I know that driver and chassis tuning makes or breaks it, but after watching a lot of vids the DA really changes directions well and can hold alot of angle without spinning out. I’m curious if you can give us comparisons on which chassis can hold the most angle, change directions easiest etc, your last comparo vid was great btw. I’ve had a DRZ-MS for the last 4 months, maxed out on tuning and while I enjoy my Atomic, I can safely say my car will not drift like the DAs that see posted on RU-vid. I’m curious for your feedback since you have experience with just about every small chassis on the market. I want to be able to throw the back of the car into a corner with a lot of angle and hold it for longer distances, my DRZ won’t do it and I believe it’s due to it’s steering setup won’t let me get enough angle for a few reasons I don’t have time to explain here. Thanks in advance for your reactions on this…
@@GarageMiniRCUK awesome thank you! The one thing I haven’t tried yet Is reversing the pod; I’m running 106mm but I also had it at 98mm and it was worse actually. I’m eagerly looking forward to see what you come up with, thanks again!
@@darthamidala I have the DRZ v3 as well and from what i have experienced the main components to get it to drift like you want is weight balance and most importantly tire selection. With the motor forward my weight balance is 40/60 f/r and it drifts pretty well in both directions and crosses over pretty well provided there isn't too much traction. If the tires don't match the surface i'm driving on it can't get very much angle at all because of too much grip. When the motor is in the back it will swing like crazy and you can get insane angle but again if you don't have the right tires it won't be controllable. It will either carry too much speed and not hold the drift properly or spin out constantly. It can be made to work well in either configuration with the right amount of grip though the main difference i found was speed.

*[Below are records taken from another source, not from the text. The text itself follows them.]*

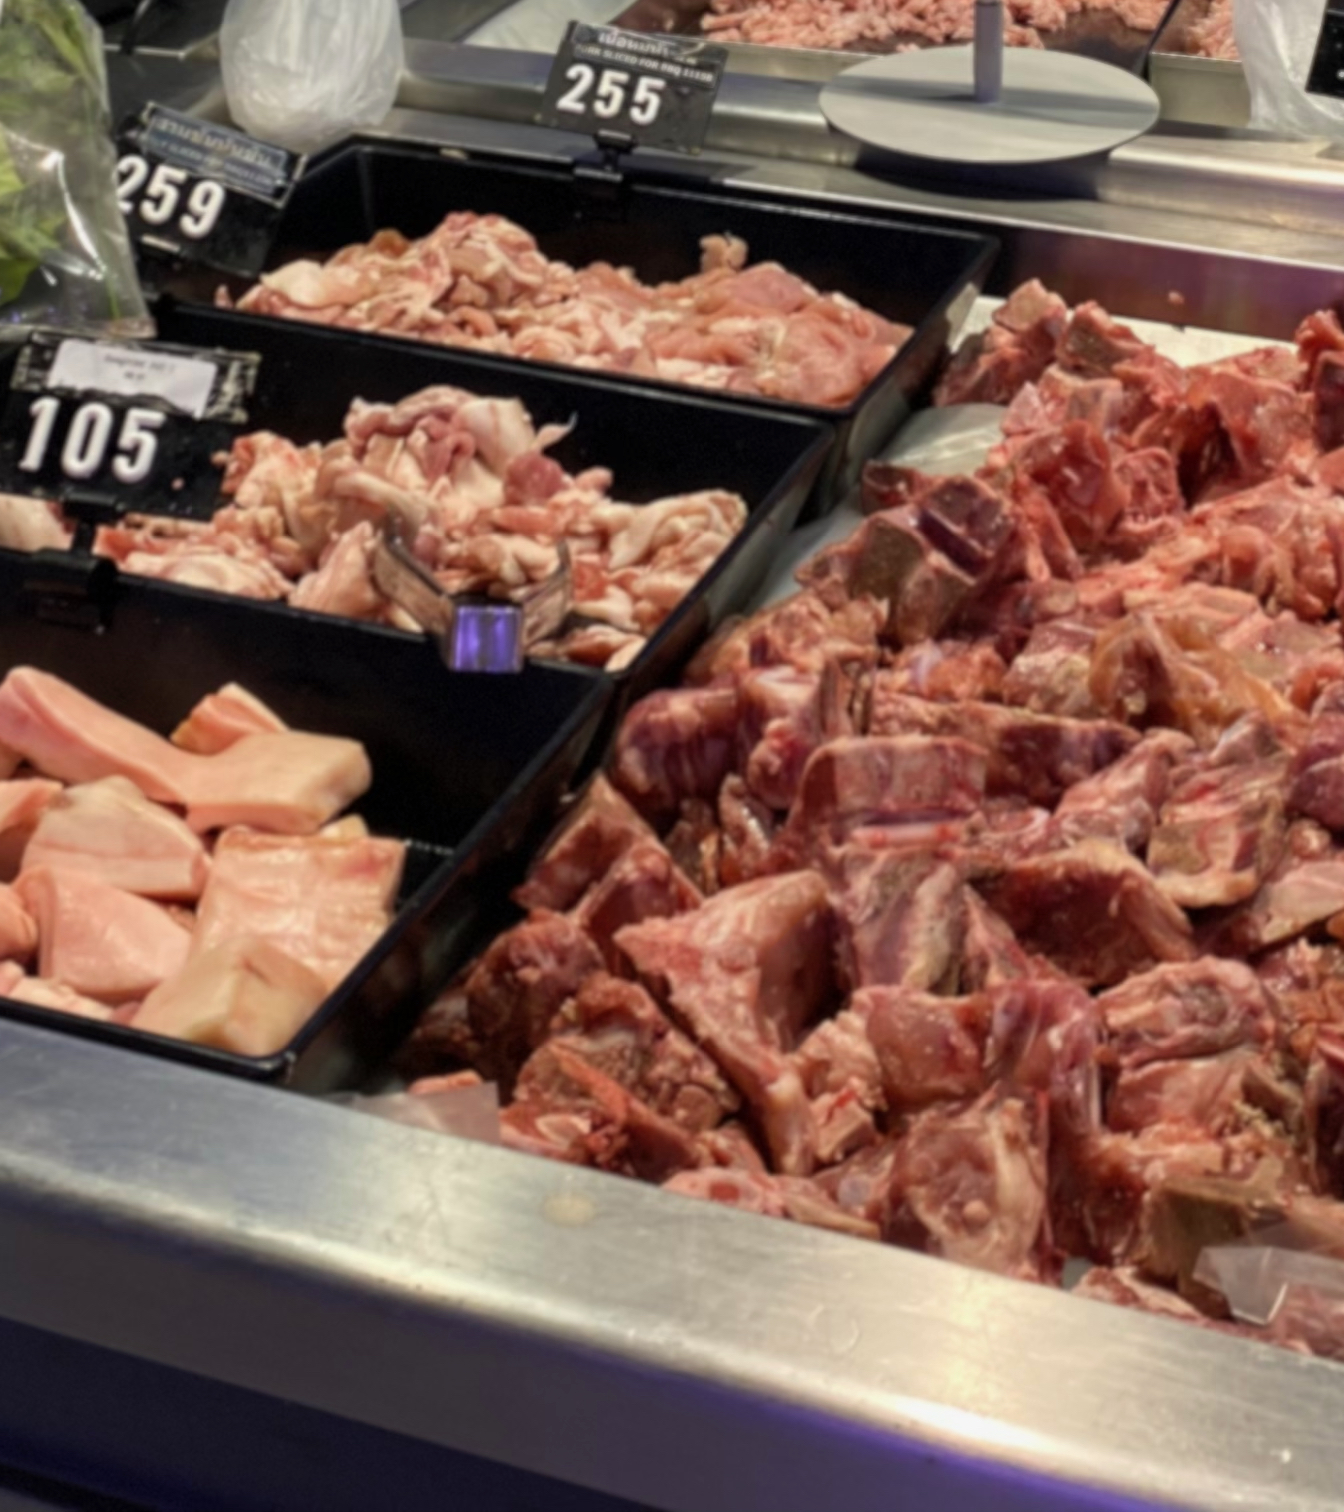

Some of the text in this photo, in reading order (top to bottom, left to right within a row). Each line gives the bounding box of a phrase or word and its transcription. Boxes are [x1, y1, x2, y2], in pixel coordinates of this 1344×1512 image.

[557, 63, 667, 126] 255
[117, 154, 226, 238] 259
[18, 396, 166, 484] 105
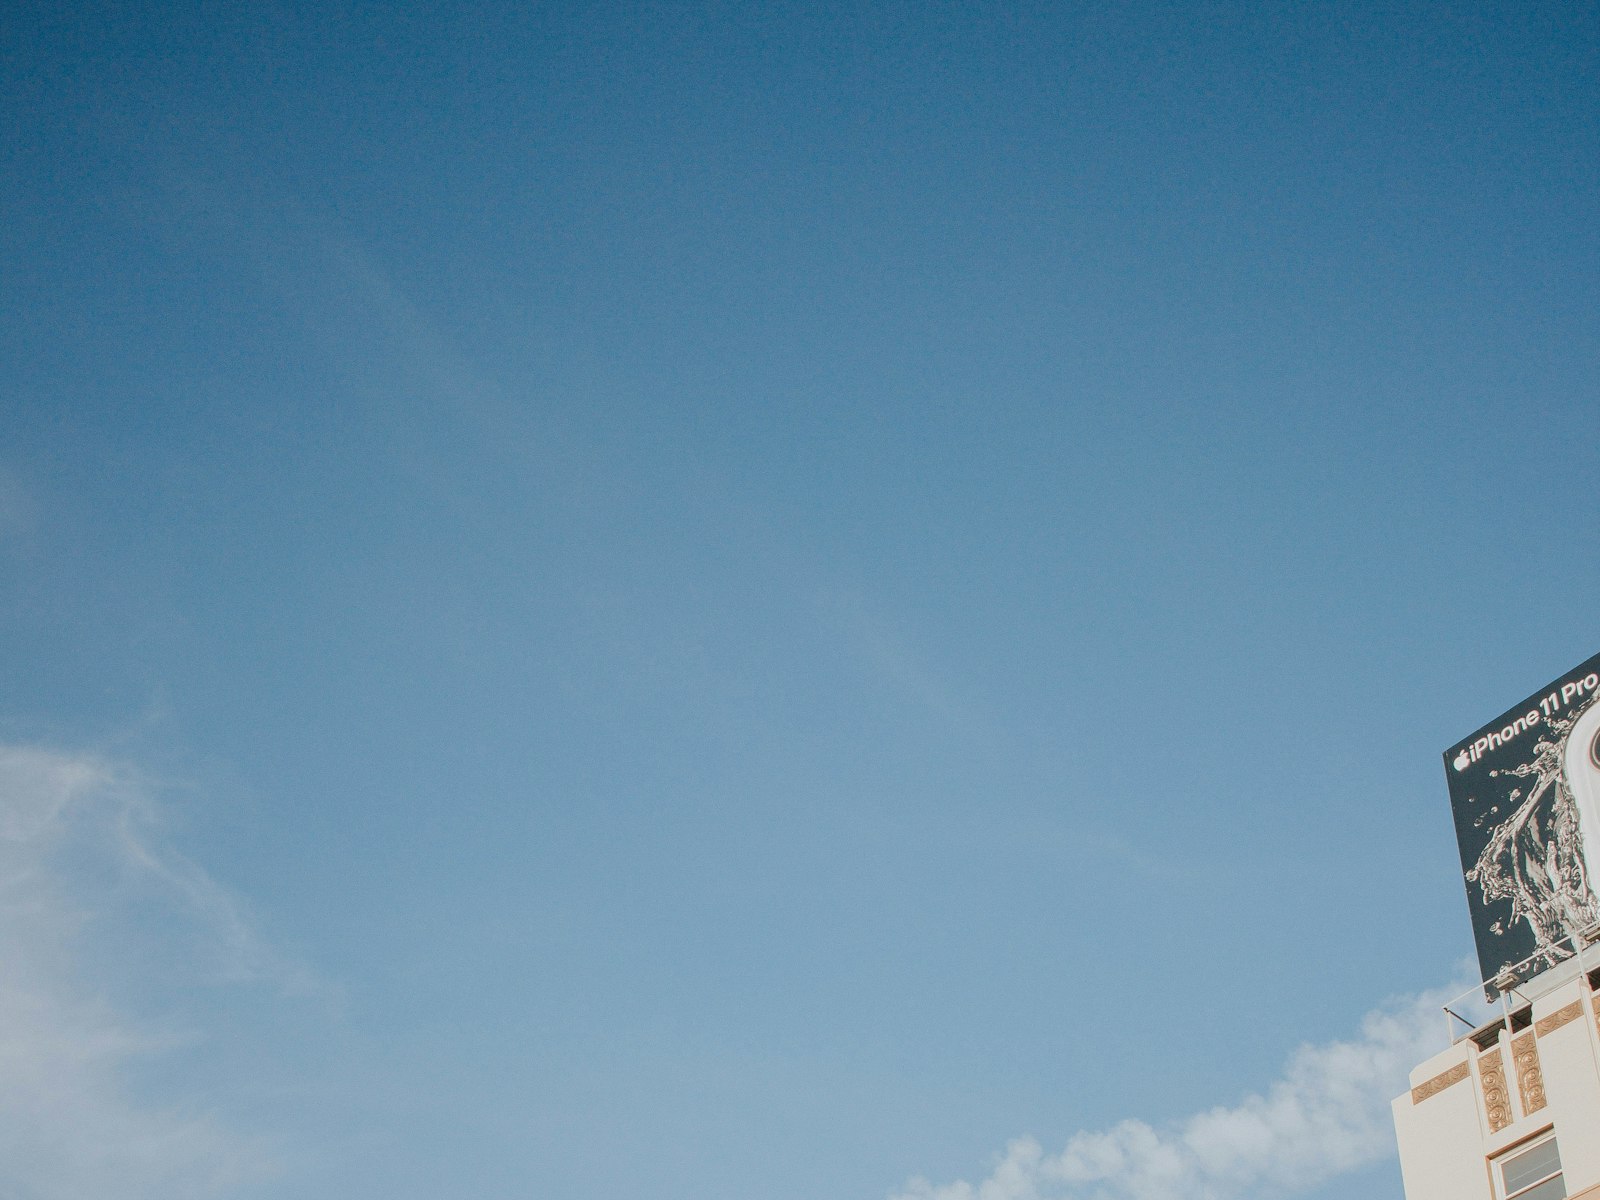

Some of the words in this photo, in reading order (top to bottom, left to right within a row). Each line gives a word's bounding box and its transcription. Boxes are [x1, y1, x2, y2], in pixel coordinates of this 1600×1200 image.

[1469, 709, 1540, 763] iPhone
[1540, 692, 1559, 716] 11
[1561, 673, 1599, 705] Pro
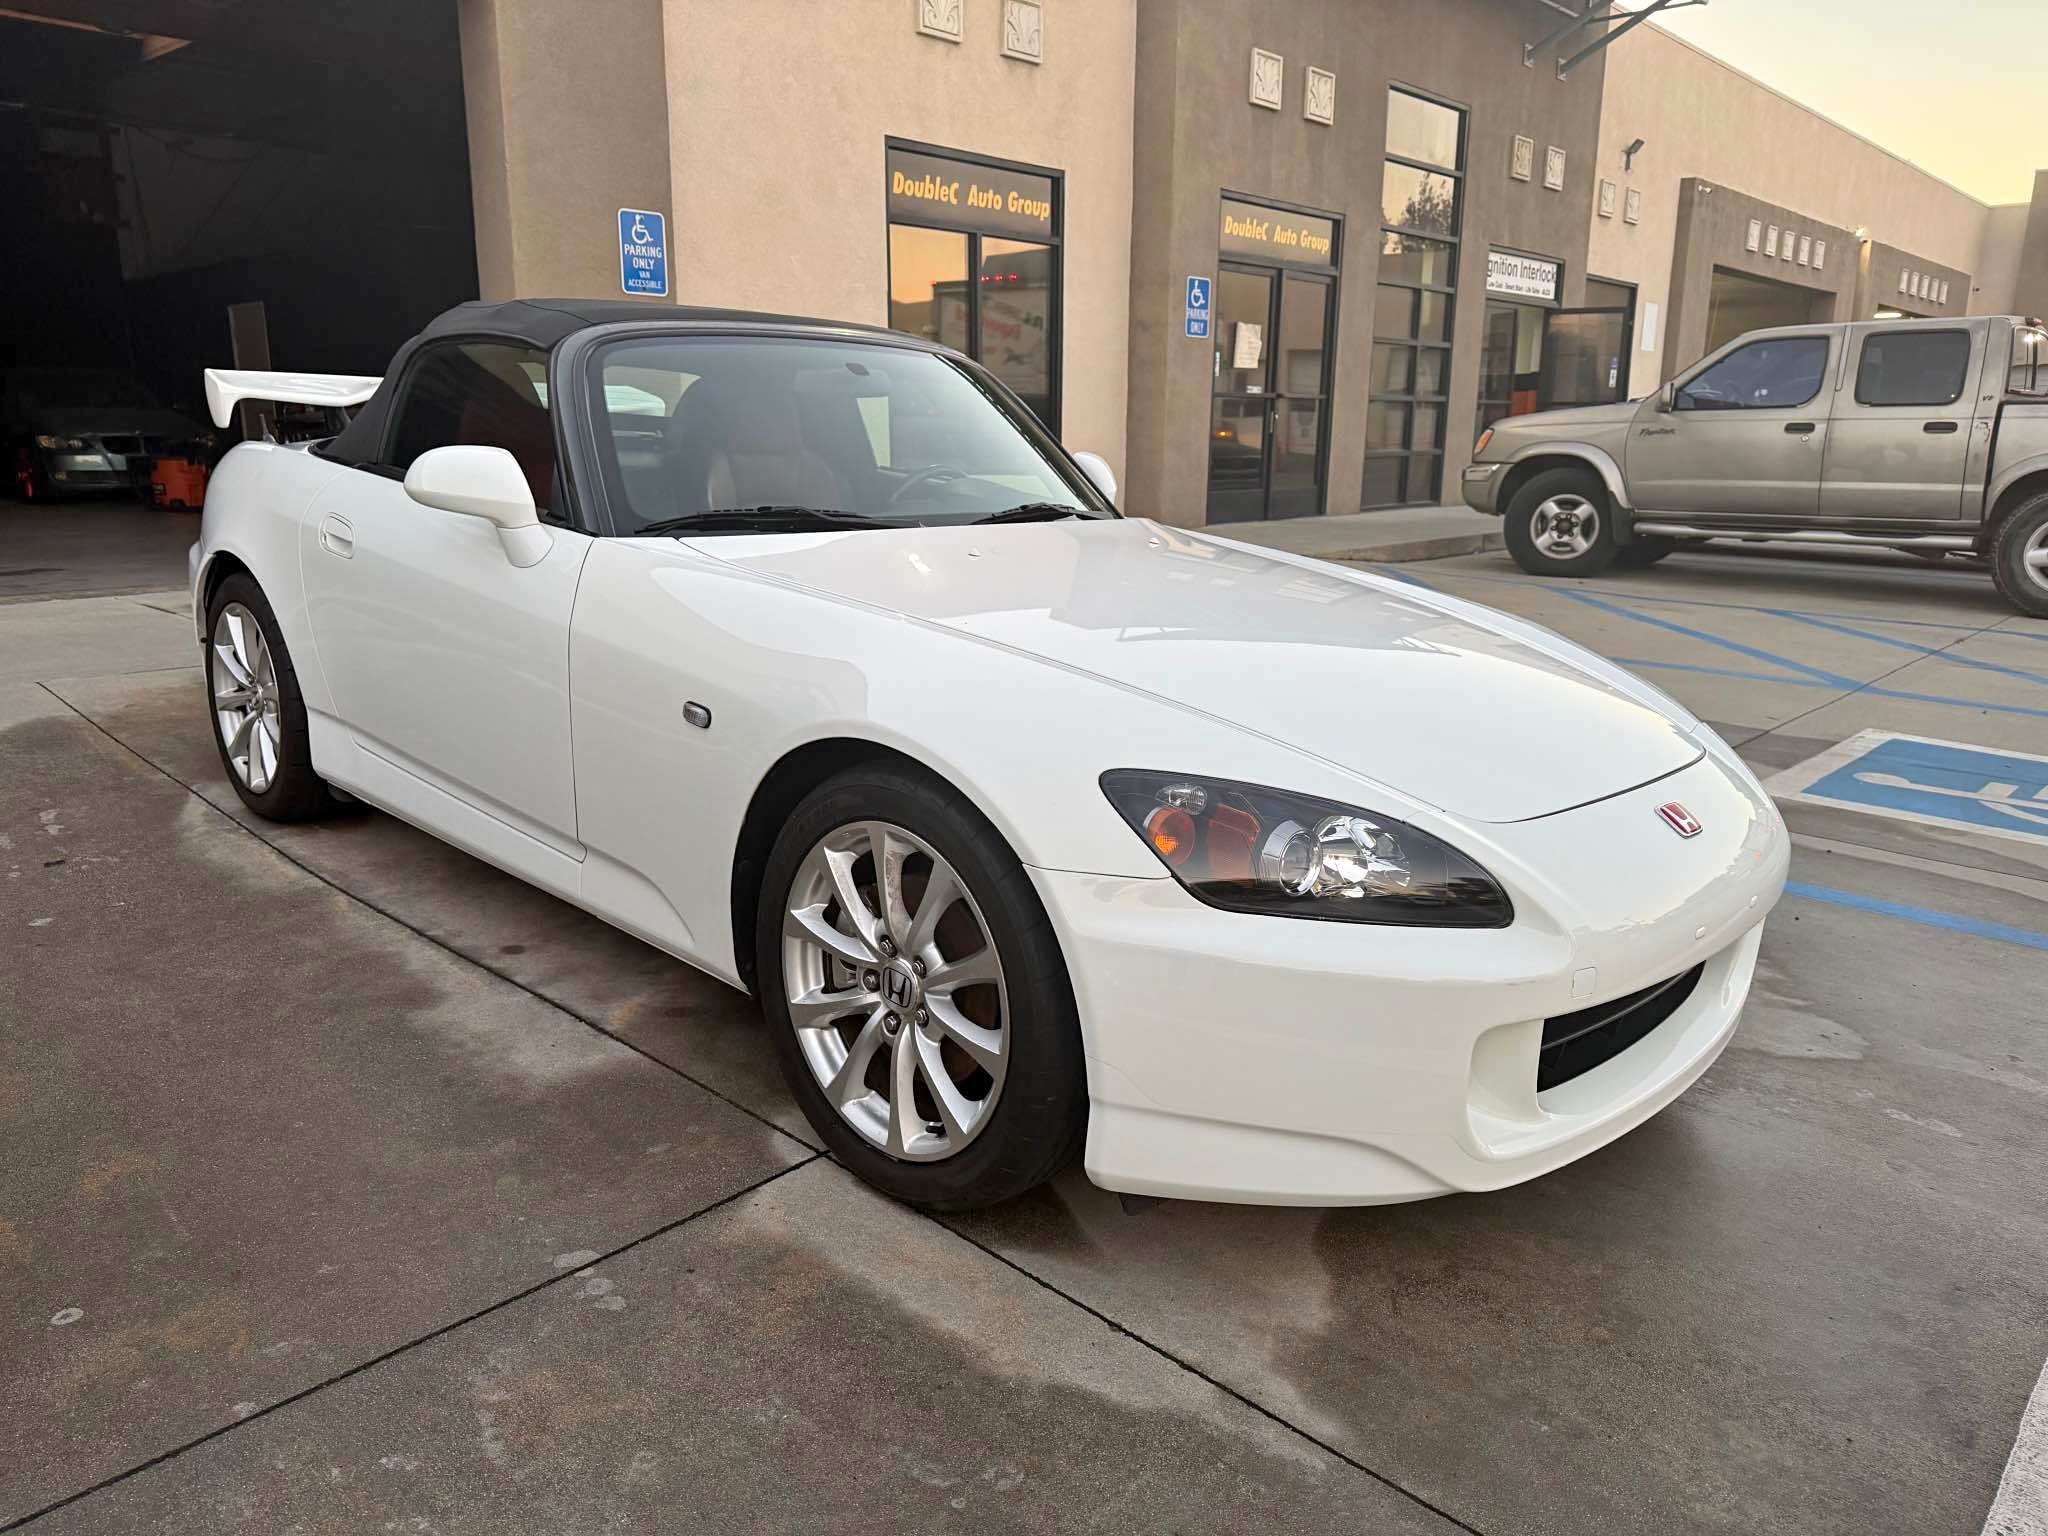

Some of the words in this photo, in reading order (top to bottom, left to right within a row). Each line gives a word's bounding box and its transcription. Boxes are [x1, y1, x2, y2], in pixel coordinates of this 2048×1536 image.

[893, 171, 960, 204] DoubleC
[968, 185, 1002, 210] Auto
[1008, 191, 1051, 221] Group
[1224, 215, 1269, 241] DoubleC
[1274, 225, 1297, 246] Auto
[1300, 230, 1330, 254] Group
[624, 243, 662, 258] PARKING
[632, 258, 655, 270] ONLY
[1487, 256, 1518, 278] gnition
[1520, 260, 1557, 283] Interlock
[639, 270, 650, 279] VAN
[628, 279, 662, 289] ACCESSIBLE
[1190, 321, 1204, 334] ONLY
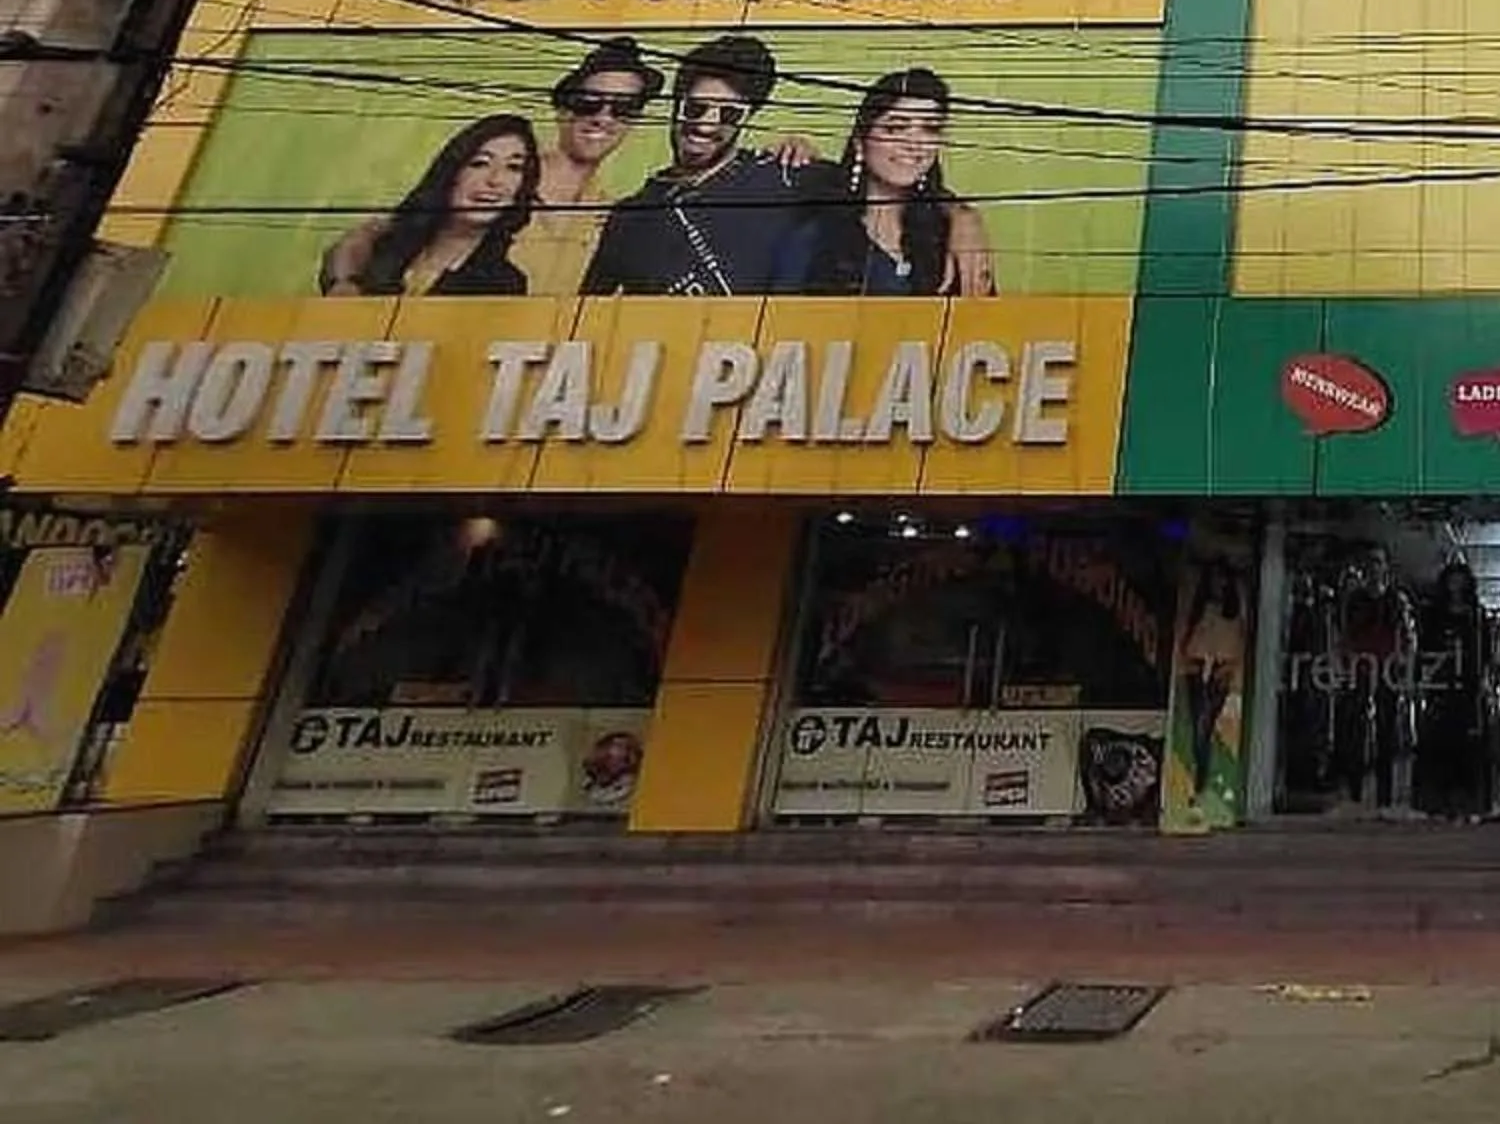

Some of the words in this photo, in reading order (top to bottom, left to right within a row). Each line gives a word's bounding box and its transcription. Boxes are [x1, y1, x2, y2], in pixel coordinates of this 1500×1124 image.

Motor forward maintains a higher speed while drifting and rearward can do the slower high angle drifts easier but it is much more sensitive to driver input and tire selection.
Thanks for this info! I have the motor in the forward position (I haven’t tried switching it around yet), and so far I’ve used the stock kit tires, LS1 and currently a set of 20mm wheels/tires I got off Amazon. The surface I’m drifting on is some pretty slick porcelain tile, slipperier than my hardwood floor in the other room. I’m glad you told me that I should be able to get slower drifts with the motor at the back; basically my car is great on throttle medium to high speed drifts, but if I try to “back it in” (as Chris Harris says) and throw the car into a drift, it doesn’t like that. Plus slow speed drifts it wants to catch and spin. But ON throttle, med-high speed she’s great! I’ll try reversing the motor and see what happens!
Hey bud do you build these kits for clients ? I’m looking to having something built. I want the best car possible and you seem the the man. Is this something you do ?😊
I use to do it a lot , less time these days. Its time consuming and even though i love it , it the cars always need some kind of aftercare , thats easy if you are within the uk.
Wow! Great overview! Could you subtitle the cars? I‘m getting confused witch models you are talking about. Maybe also chapters with timecode would help. 😃 Thank you for your videos!